We assessed the robustness of the visualization approach by assessing its sample classification accuracy in the face of large perturbations in input data. The leukemia-A
data sets were perturbed by switching the training and test inputs. The accuracy for the leukemia-A
data set with switching was 88% and it remained the same as that in . For the SRBCT
data set, the accuracy after switching was 73%; we attribute the reduced accuracy to the small training sample size (n
in the Burkitt’s lymphomas (BL) group. Using this operational approach, it became apparent that the robustness of the approach is dependent on several factors, including the intrinsic separation of the classes in the input array data, the sample size of the training set and the classifier algorithm. Generally, data sets with large relative separation between classes—large inter-class effect sizes—are least sensitive to perturbations of various types, e.g. changes in the position and angles of classifier lines, or small decreases in the training set size. Another factor is the training sample size: the statistical uncertainty with small samples sizes is large and accuracy diminishes once the classifiers overlap the prediction interval of the data. When the training sets become larger, the lines and their splits can be more accurately positioned to separate the classes. Classifiers of arbitrary shape may be more robust compared with the oblique classifiers when the distribution of points in the various classes in the two-dimensional mapping is not defined by a polygonal space partitioning. In a separate report (Zhang et al., 2003
), we compared oblique classifiers to SOM (Kohonen, 1995
): In colon cancer
data set, the oblique classifier misclassified seven samples () while a 4 × 3 unit SOM misclassified eight samples. Furthermore, the same seven samples misclassified by the oblique classifier were also misclassified by the SOM. The VizStruct approach readily admits more complex clustering and classification strategies but oblique classifiers appear effective and parsimonious and their simplicity may appeal to end-users in the life sciences.

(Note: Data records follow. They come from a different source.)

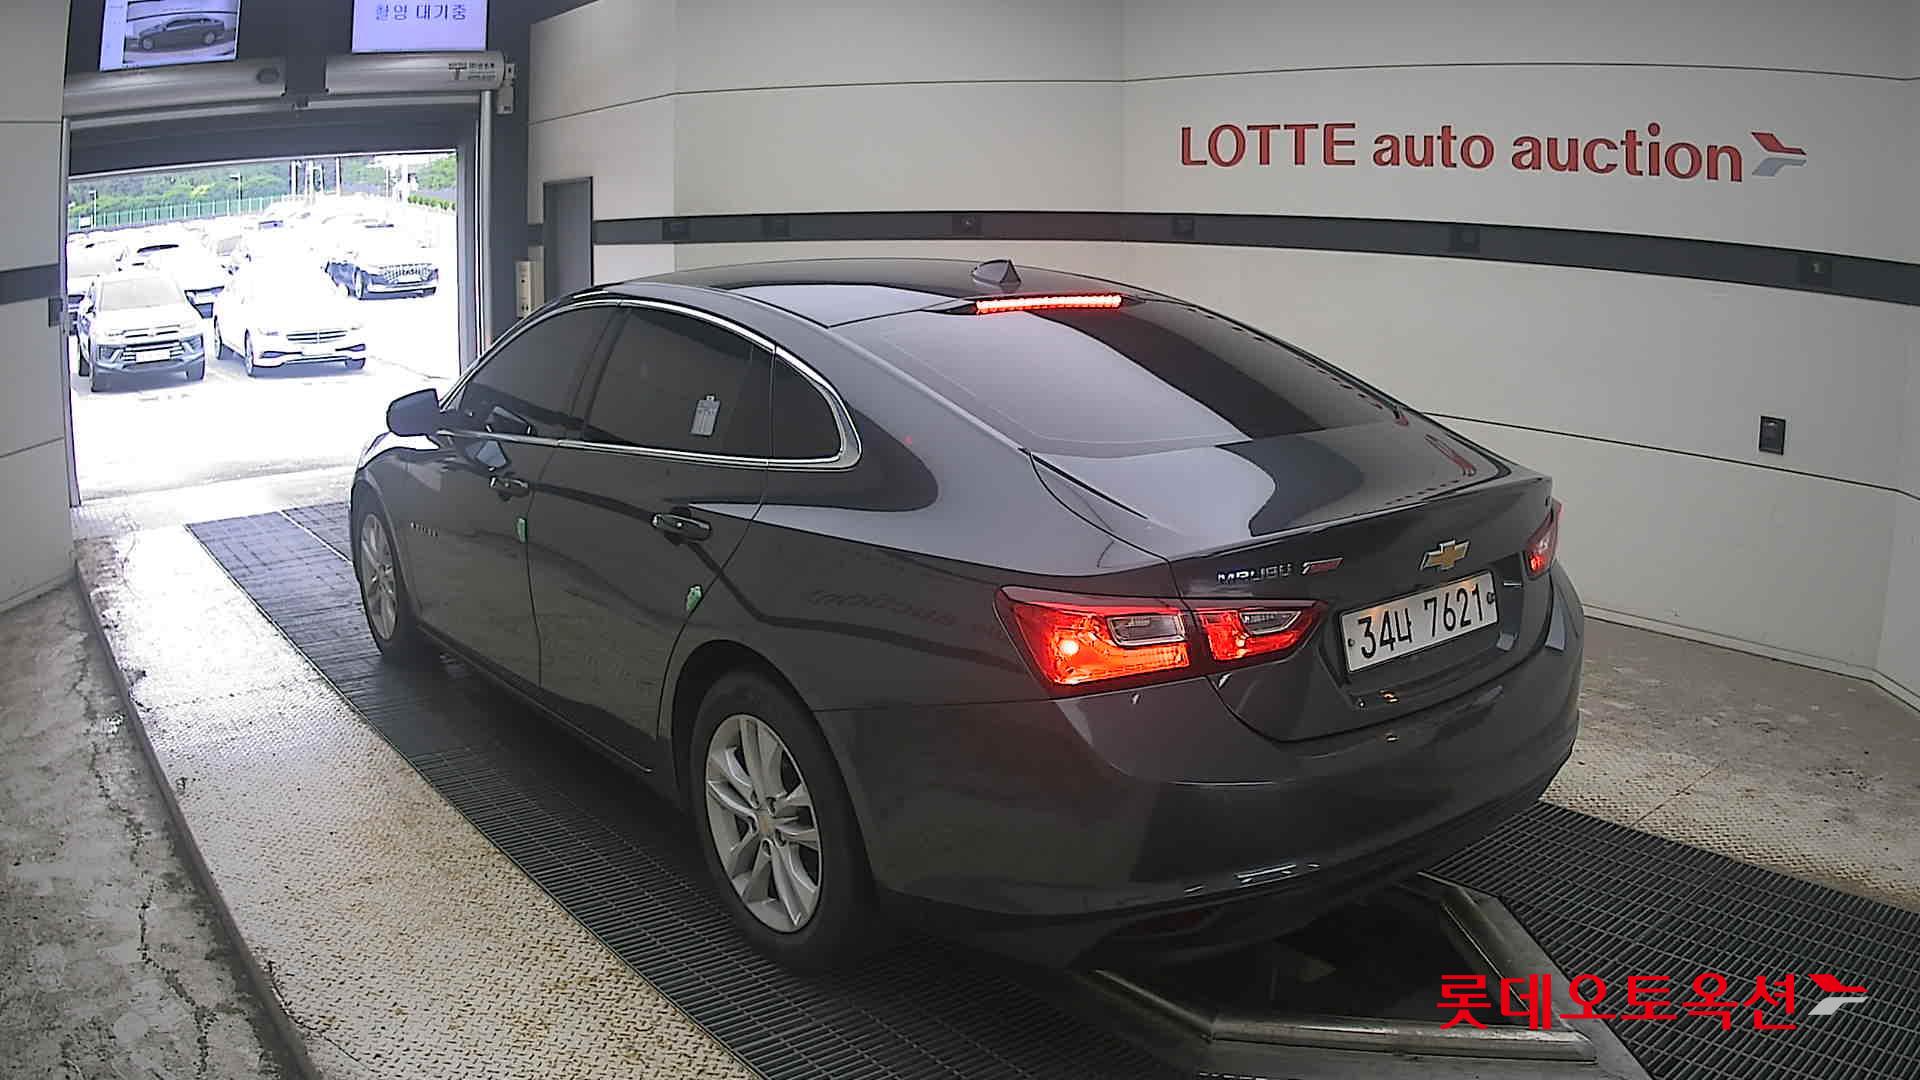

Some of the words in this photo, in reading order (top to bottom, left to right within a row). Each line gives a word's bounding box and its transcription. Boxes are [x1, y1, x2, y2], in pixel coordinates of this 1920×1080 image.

[416, 4, 467, 21] 대기중
[1180, 122, 1356, 167] LOTTE
[1372, 125, 1496, 169] auto
[1511, 122, 1744, 182] auction
[1217, 562, 1292, 585] MALIBU
[1357, 606, 1413, 659] 34나
[1424, 583, 1484, 638] 7621

Parallel co-ordinates and MDS represent competing approaches to FFHP for visualizing multi-dimensional data sets. Parallel co-ordinates visualization has obvious drawbacks: it becomes increasingly unreadable when the data size gets larger. The FFHP mapping was shown to yield results that were similar to those from Sammon’s mapping, a variant of MDS. Despite providing results that are mathematically optimal in some sense, MDS is not ideal for gene-array data because: (1) it provides a single final result and the user cannot intervene interactively during visualization and (2) the incremental addition of any single point requires a complete repetition of the optimization procedure and possibly extensive reorganization of all the previously mapped points to new locations. Secondarily, from a computational complexity standpoint, the parallel co-ordinates method requires relatively little computational effort because each dimension is plotted directly, while MDS requires time-consuming optimization procedures of time complexity O(N2) or greater. The computational complexity of FFHP (N log N) is intermediate.

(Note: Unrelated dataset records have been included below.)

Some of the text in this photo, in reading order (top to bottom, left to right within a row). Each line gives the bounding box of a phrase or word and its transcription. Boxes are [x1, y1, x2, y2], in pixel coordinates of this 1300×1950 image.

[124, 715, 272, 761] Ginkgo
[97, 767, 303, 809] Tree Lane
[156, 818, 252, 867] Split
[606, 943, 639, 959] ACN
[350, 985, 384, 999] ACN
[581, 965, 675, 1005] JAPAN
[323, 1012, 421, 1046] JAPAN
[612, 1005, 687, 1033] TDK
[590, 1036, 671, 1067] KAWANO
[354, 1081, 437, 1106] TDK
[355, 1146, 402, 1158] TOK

The FFHP is sensitive to dimension order and VizStruct has the capability to reorder dimensions so that class separation is enhanced. To determine whether the canonical reordering could cause misleading pseudo-classes to appear during visualization, a random data set containing 50 data points each with 100 dimensions was simulated; 20 points were arbitrarily assigned to one class and the remainder to another class followed by canonical dimension reordering. The visualization of the reordered data set did not suggest the presence of pseudo-classes.
The performance of VizStruct suggests that visualization may be capable of a larger and richer role than is currently appreciated. However, with multi-dimensional gene expression data, one also has to be always mindful of the curse of dimensionality (Bellman, 1961
) and rigorously confirm any experimental findings in the two-dimensional mapping with appropriate quantitative techniques.